» **Directions**
Each entry below must be repeated exactly, with pictures left out.

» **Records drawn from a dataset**

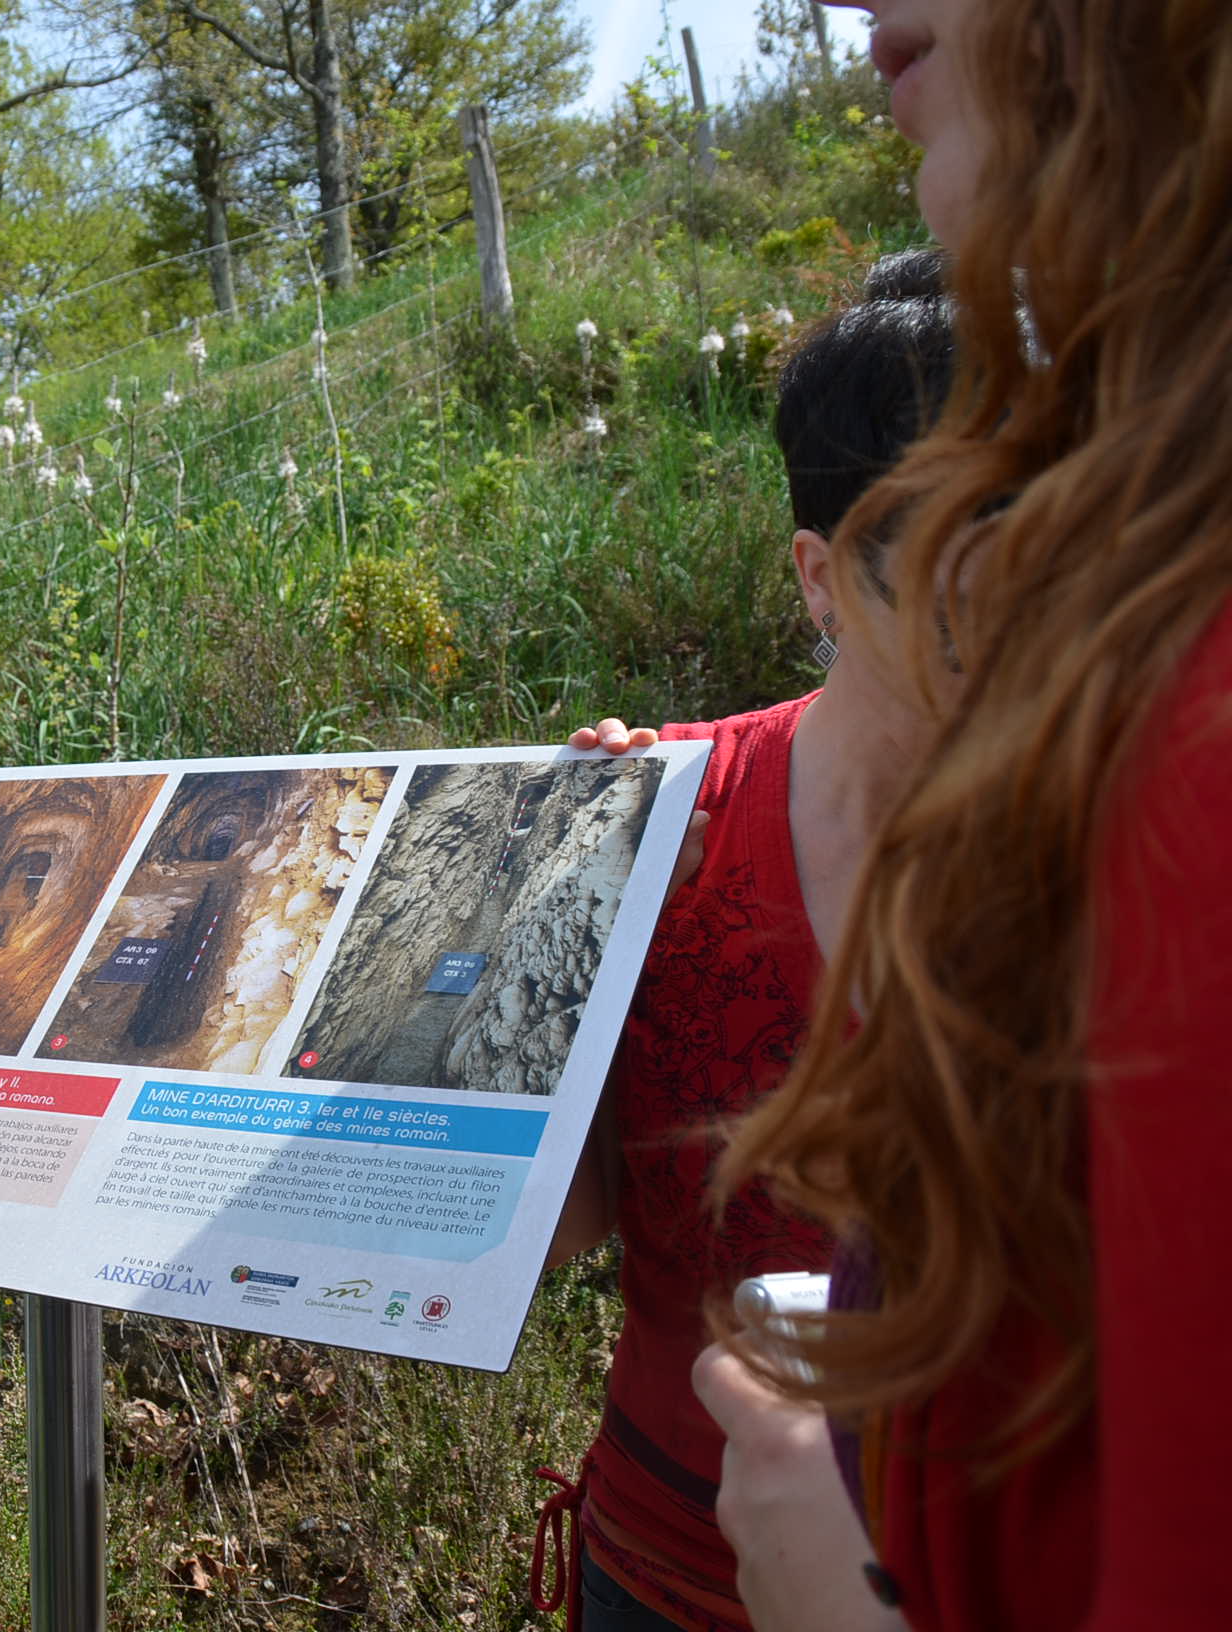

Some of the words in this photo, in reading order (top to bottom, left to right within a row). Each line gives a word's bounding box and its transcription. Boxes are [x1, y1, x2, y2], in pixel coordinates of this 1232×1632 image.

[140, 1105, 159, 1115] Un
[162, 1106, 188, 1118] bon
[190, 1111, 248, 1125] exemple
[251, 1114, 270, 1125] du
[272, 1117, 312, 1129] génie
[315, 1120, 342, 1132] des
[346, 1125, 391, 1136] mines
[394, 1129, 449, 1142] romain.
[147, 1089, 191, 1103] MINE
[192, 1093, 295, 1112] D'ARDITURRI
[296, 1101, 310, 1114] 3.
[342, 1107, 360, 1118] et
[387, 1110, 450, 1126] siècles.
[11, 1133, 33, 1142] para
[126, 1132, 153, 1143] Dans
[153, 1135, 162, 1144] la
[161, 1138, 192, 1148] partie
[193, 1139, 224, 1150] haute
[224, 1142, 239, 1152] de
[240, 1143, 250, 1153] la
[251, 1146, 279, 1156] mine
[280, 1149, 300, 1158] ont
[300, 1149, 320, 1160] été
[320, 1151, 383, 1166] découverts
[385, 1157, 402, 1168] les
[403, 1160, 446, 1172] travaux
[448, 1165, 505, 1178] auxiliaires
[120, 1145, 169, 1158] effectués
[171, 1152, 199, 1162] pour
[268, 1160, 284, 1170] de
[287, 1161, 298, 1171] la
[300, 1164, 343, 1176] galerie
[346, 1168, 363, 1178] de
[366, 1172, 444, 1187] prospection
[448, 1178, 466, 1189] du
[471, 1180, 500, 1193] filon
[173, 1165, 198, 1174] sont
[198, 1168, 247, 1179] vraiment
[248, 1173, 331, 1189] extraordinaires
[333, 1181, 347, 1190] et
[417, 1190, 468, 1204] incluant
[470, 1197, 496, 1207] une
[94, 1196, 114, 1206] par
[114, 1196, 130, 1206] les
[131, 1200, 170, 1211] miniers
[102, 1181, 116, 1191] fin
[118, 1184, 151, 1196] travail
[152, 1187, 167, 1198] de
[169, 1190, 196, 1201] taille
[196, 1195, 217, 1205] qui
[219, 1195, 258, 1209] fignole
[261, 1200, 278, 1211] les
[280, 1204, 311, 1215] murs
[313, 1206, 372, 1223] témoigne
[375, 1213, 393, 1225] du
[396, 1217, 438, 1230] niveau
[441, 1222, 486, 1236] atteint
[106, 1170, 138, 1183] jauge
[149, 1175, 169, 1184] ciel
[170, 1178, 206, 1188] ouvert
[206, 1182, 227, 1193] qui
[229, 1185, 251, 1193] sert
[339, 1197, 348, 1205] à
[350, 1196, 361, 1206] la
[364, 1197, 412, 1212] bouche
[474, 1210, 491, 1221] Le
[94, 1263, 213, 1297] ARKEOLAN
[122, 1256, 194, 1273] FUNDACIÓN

» **Completed task**
Some of the words in this photo, in reading order (top to bottom, left to right within a row). Each line gives a word's bounding box and its transcription. Boxes are [x1, y1, x2, y2], in pixel coordinates of this 1232×1632 image.

[140, 1105, 159, 1115] Un
[162, 1106, 188, 1118] bon
[190, 1111, 248, 1125] exemple
[251, 1114, 270, 1125] du
[272, 1117, 312, 1129] génie
[315, 1120, 342, 1132] des
[346, 1125, 391, 1136] mines
[394, 1129, 449, 1142] romain.
[147, 1089, 191, 1103] MINE
[192, 1093, 295, 1112] D'ARDITURRI
[296, 1101, 310, 1114] 3.
[342, 1107, 360, 1118] et
[387, 1110, 450, 1126] siècles.
[11, 1133, 33, 1142] para
[126, 1132, 153, 1143] Dans
[153, 1135, 162, 1144] la
[161, 1138, 192, 1148] partie
[193, 1139, 224, 1150] haute
[224, 1142, 239, 1152] de
[240, 1143, 250, 1153] la
[251, 1146, 279, 1156] mine
[280, 1149, 300, 1158] ont
[300, 1149, 320, 1160] été
[320, 1151, 383, 1166] découverts
[385, 1157, 402, 1168] les
[403, 1160, 446, 1172] travaux
[448, 1165, 505, 1178] auxiliaires
[120, 1145, 169, 1158] effectués
[171, 1152, 199, 1162] pour
[268, 1160, 284, 1170] de
[287, 1161, 298, 1171] la
[300, 1164, 343, 1176] galerie
[346, 1168, 363, 1178] de
[366, 1172, 444, 1187] prospection
[448, 1178, 466, 1189] du
[471, 1180, 500, 1193] filon
[173, 1165, 198, 1174] sont
[198, 1168, 247, 1179] vraiment
[248, 1173, 331, 1189] extraordinaires
[333, 1181, 347, 1190] et
[417, 1190, 468, 1204] incluant
[470, 1197, 496, 1207] une
[94, 1196, 114, 1206] par
[114, 1196, 130, 1206] les
[131, 1200, 170, 1211] miniers
[102, 1181, 116, 1191] fin
[118, 1184, 151, 1196] travail
[152, 1187, 167, 1198] de
[169, 1190, 196, 1201] taille
[196, 1195, 217, 1205] qui
[219, 1195, 258, 1209] fignole
[261, 1200, 278, 1211] les
[280, 1204, 311, 1215] murs
[313, 1206, 372, 1223] témoigne
[375, 1213, 393, 1225] du
[396, 1217, 438, 1230] niveau
[441, 1222, 486, 1236] atteint
[106, 1170, 138, 1183] jauge
[149, 1175, 169, 1184] ciel
[170, 1178, 206, 1188] ouvert
[206, 1182, 227, 1193] qui
[229, 1185, 251, 1193] sert
[339, 1197, 348, 1205] à
[350, 1196, 361, 1206] la
[364, 1197, 412, 1212] bouche
[474, 1210, 491, 1221] Le
[94, 1263, 213, 1297] ARKEOLAN
[122, 1256, 194, 1273] FUNDACIÓN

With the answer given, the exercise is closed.